● Data to use:
= = = = =

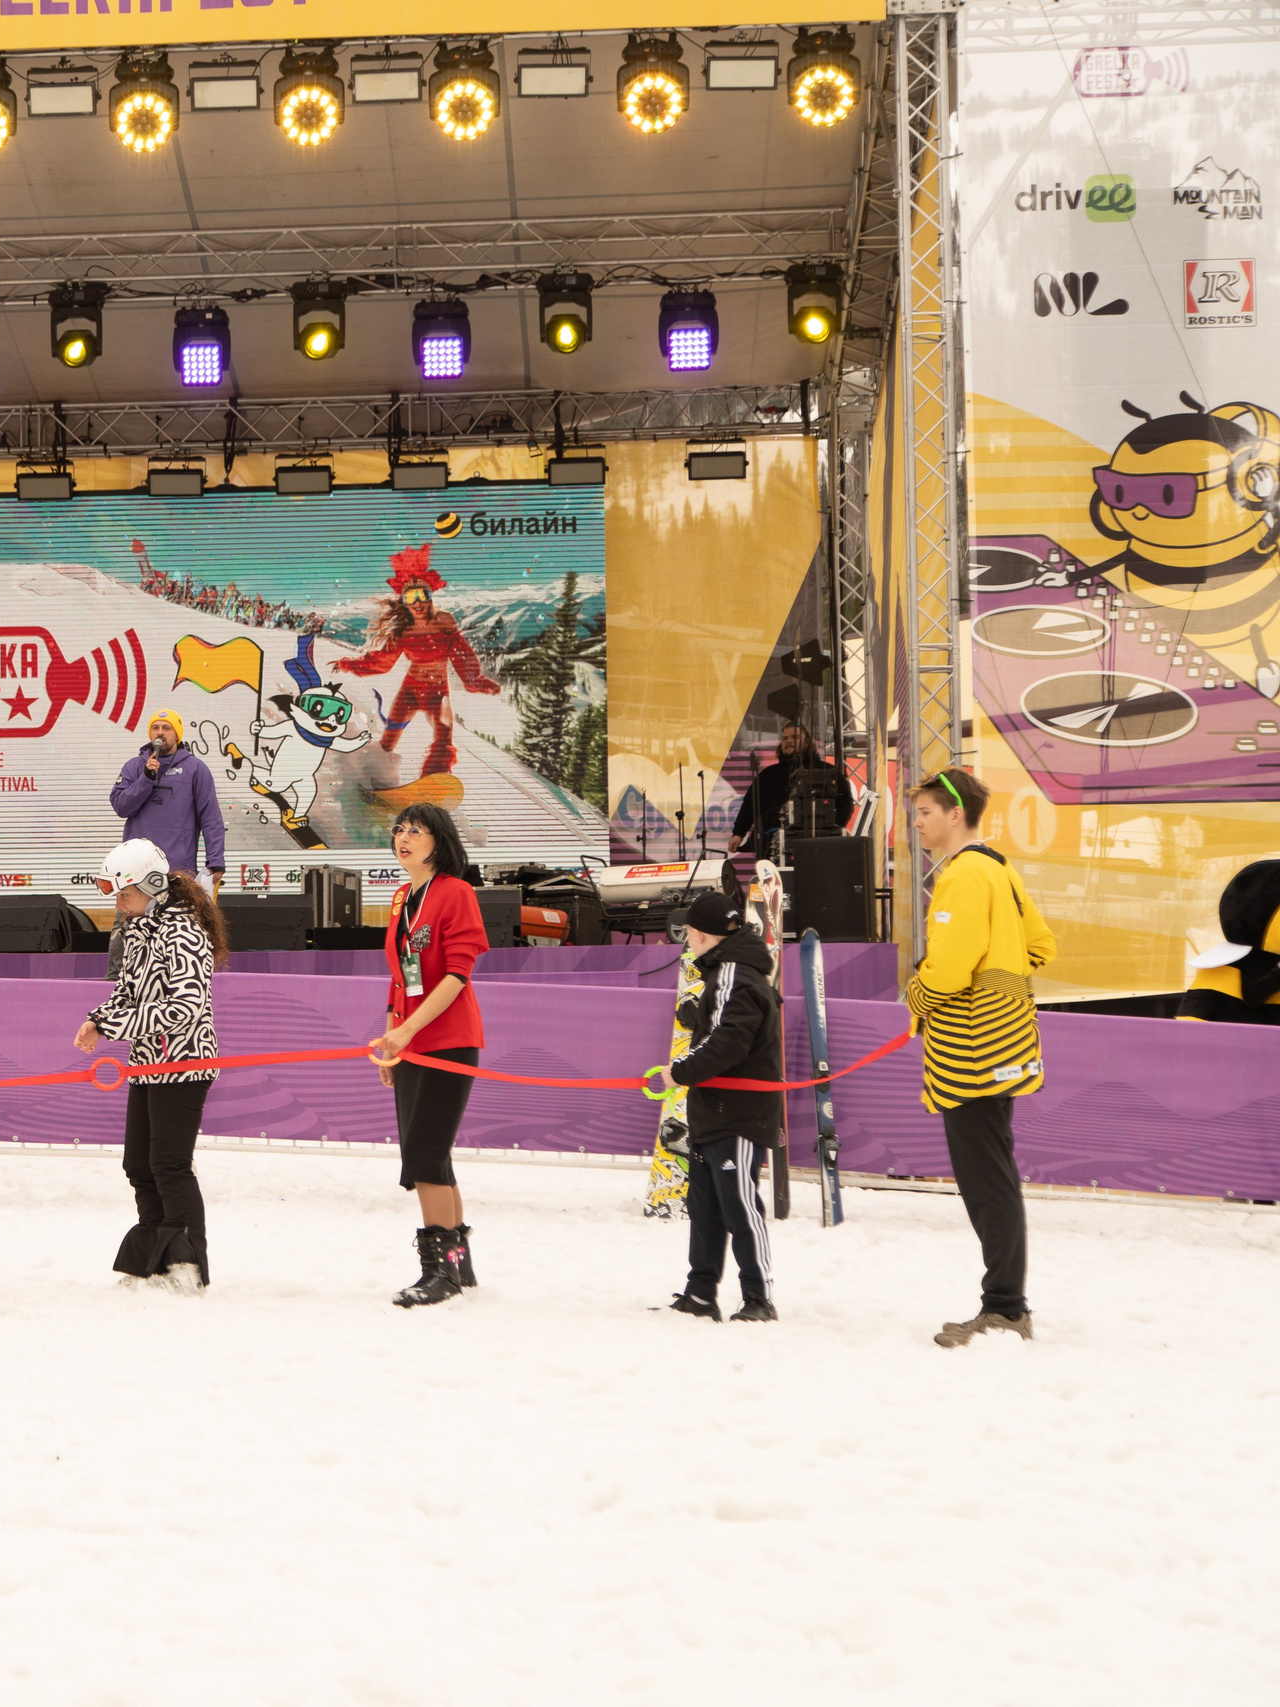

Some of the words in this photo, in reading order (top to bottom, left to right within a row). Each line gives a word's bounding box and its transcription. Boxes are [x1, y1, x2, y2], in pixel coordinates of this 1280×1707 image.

[1014, 182, 1136, 213] drivee
[1173, 188, 1261, 205] MOUNTAIN
[1222, 206, 1263, 220] MAN
[1188, 315, 1253, 326] ROSTIC'S
[470, 511, 577, 536] билайн
[71, 872, 97, 885] driv
[368, 868, 400, 878] СДС
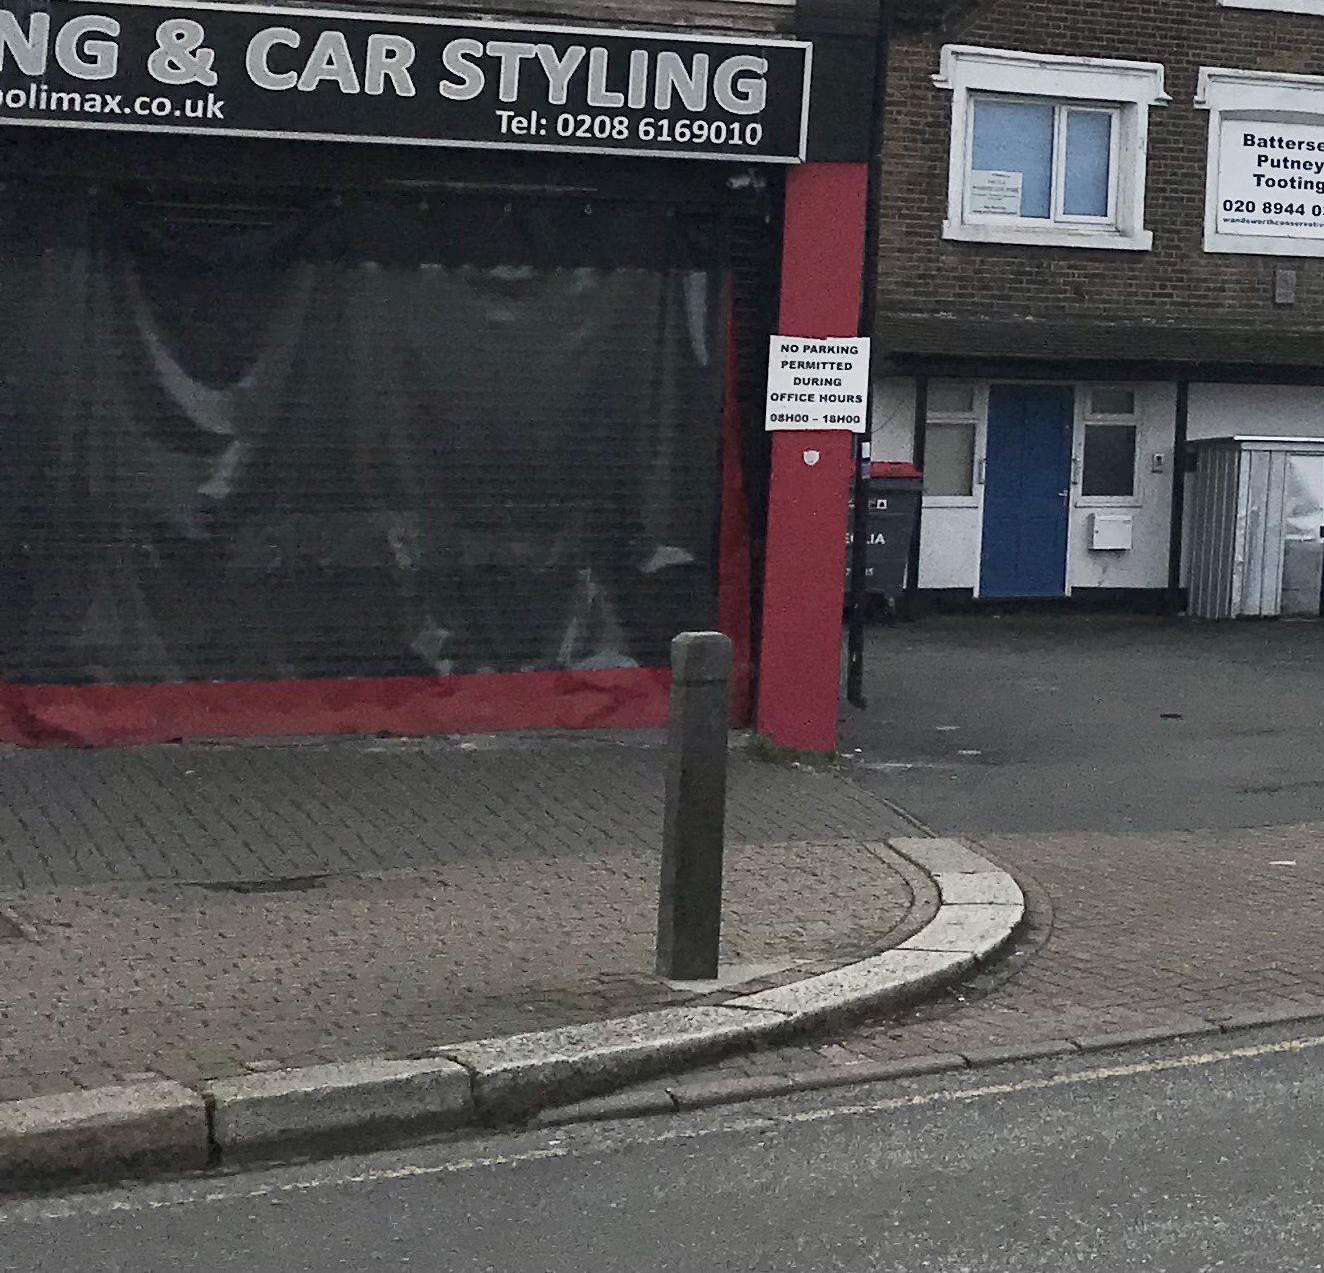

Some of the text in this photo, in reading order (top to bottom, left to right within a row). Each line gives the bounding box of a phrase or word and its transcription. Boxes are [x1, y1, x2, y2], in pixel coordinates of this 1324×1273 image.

[147, 18, 218, 87] &
[245, 26, 417, 98] CAR
[438, 37, 769, 115] STYLING
[496, 110, 763, 147] Tel: 0208 6169010
[1257, 154, 1324, 175] Putney
[1223, 199, 1256, 213] 020
[1262, 202, 1305, 216] 8944
[780, 344, 859, 355] NO PARKING
[781, 360, 853, 371] PERMITTED
[793, 377, 842, 387] DURING
[770, 393, 863, 403] OFFICE HOURS
[770, 414, 809, 423] 08H00
[822, 414, 860, 424] 18H00

= = = = =

● Goal of the exercise: A word-for-word copy of the listing is the goal; keep every picture out of it.

● Solved problem:
Some of the words in this photo, in reading order (top to bottom, left to right within a row). Each line gives a word's bounding box and its transcription. Boxes are [x1, y1, x2, y2], in pixel coordinates of this 1280×1707 image.

[1014, 182, 1136, 213] drivee
[1173, 188, 1261, 205] MOUNTAIN
[1222, 206, 1263, 220] MAN
[1188, 315, 1253, 326] ROSTIC'S
[470, 511, 577, 536] билайн
[71, 872, 97, 885] driv
[368, 868, 400, 878] СДС

Some of the text in this photo, in reading order (top to bottom, left to right within a row). Each line gives the bounding box of a phrase or word and its transcription. Boxes are [x1, y1, x2, y2], in pixel coordinates of this 1324×1273 image.

[147, 18, 218, 87] &
[245, 26, 417, 98] CAR
[438, 37, 769, 115] STYLING
[496, 110, 763, 147] Tel: 0208 6169010
[1257, 154, 1324, 175] Putney
[1223, 199, 1256, 213] 020
[1262, 202, 1305, 216] 8944
[780, 344, 859, 355] NO PARKING
[781, 360, 853, 371] PERMITTED
[793, 377, 842, 387] DURING
[770, 393, 863, 403] OFFICE HOURS
[770, 414, 809, 423] 08H00
[822, 414, 860, 424] 18H00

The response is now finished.